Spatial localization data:
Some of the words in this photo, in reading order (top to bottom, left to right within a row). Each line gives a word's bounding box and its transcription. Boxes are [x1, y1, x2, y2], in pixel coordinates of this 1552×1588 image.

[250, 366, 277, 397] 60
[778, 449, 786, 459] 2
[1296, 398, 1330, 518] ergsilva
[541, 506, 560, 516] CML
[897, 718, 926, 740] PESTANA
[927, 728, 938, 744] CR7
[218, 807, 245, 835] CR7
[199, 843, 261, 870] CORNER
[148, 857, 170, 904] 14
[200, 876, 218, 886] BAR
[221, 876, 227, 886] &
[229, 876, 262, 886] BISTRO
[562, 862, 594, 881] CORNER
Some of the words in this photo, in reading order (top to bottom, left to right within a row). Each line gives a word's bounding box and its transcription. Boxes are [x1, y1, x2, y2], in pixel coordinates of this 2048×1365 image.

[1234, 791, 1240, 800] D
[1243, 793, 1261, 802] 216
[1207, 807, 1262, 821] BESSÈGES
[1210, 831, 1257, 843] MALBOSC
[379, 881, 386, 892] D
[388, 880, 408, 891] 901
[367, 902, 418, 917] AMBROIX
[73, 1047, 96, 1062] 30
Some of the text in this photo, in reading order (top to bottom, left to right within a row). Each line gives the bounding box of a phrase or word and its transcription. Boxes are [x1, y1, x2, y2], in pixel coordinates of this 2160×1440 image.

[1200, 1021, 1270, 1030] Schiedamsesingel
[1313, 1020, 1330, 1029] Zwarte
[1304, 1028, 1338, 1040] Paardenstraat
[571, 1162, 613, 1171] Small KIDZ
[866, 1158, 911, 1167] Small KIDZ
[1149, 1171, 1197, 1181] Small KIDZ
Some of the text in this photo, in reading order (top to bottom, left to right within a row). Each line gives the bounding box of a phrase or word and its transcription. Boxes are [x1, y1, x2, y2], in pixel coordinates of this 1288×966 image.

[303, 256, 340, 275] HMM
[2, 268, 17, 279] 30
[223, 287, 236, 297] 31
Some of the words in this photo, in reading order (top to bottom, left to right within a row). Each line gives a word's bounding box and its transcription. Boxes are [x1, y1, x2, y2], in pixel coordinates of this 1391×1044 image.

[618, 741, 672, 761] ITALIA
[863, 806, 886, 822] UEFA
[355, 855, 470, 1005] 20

▸ Work item: The full data must appear again, retyped in every detail.

▸ Answer box:
Some of the words in this photo, in reading order (top to bottom, left to right within a row). Each line gives a word's bounding box and its transcription. Boxes are [x1, y1, x2, y2], in pixel coordinates of this 1552×1588 image.

[250, 366, 277, 397] 60
[778, 449, 786, 459] 2
[1296, 398, 1330, 518] ergsilva
[541, 506, 560, 516] CML
[897, 718, 926, 740] PESTANA
[927, 728, 938, 744] CR7
[218, 807, 245, 835] CR7
[199, 843, 261, 870] CORNER
[148, 857, 170, 904] 14
[200, 876, 218, 886] BAR
[221, 876, 227, 886] &
[229, 876, 262, 886] BISTRO
[562, 862, 594, 881] CORNER
Some of the words in this photo, in reading order (top to bottom, left to right within a row). Each line gives a word's bounding box and its transcription. Boxes are [x1, y1, x2, y2], in pixel coordinates of this 2048×1365 image.

[1234, 791, 1240, 800] D
[1243, 793, 1261, 802] 216
[1207, 807, 1262, 821] BESSÈGES
[1210, 831, 1257, 843] MALBOSC
[379, 881, 386, 892] D
[388, 880, 408, 891] 901
[367, 902, 418, 917] AMBROIX
[73, 1047, 96, 1062] 30
Some of the text in this photo, in reading order (top to bottom, left to right within a row). Each line gives the bounding box of a phrase or word and its transcription. Boxes are [x1, y1, x2, y2], in pixel coordinates of this 2160×1440 image.

[1200, 1021, 1270, 1030] Schiedamsesingel
[1313, 1020, 1330, 1029] Zwarte
[1304, 1028, 1338, 1040] Paardenstraat
[571, 1162, 613, 1171] Small KIDZ
[866, 1158, 911, 1167] Small KIDZ
[1149, 1171, 1197, 1181] Small KIDZ
Some of the text in this photo, in reading order (top to bottom, left to right within a row). Each line gives the bounding box of a phrase or word and its transcription. Boxes are [x1, y1, x2, y2], in pixel coordinates of this 1288×966 image.

[303, 256, 340, 275] HMM
[2, 268, 17, 279] 30
[223, 287, 236, 297] 31
Some of the words in this photo, in reading order (top to bottom, left to right within a row). Each line gives a word's bounding box and its transcription. Boxes are [x1, y1, x2, y2], in pixel coordinates of this 1391×1044 image.

[618, 741, 672, 761] ITALIA
[863, 806, 886, 822] UEFA
[355, 855, 470, 1005] 20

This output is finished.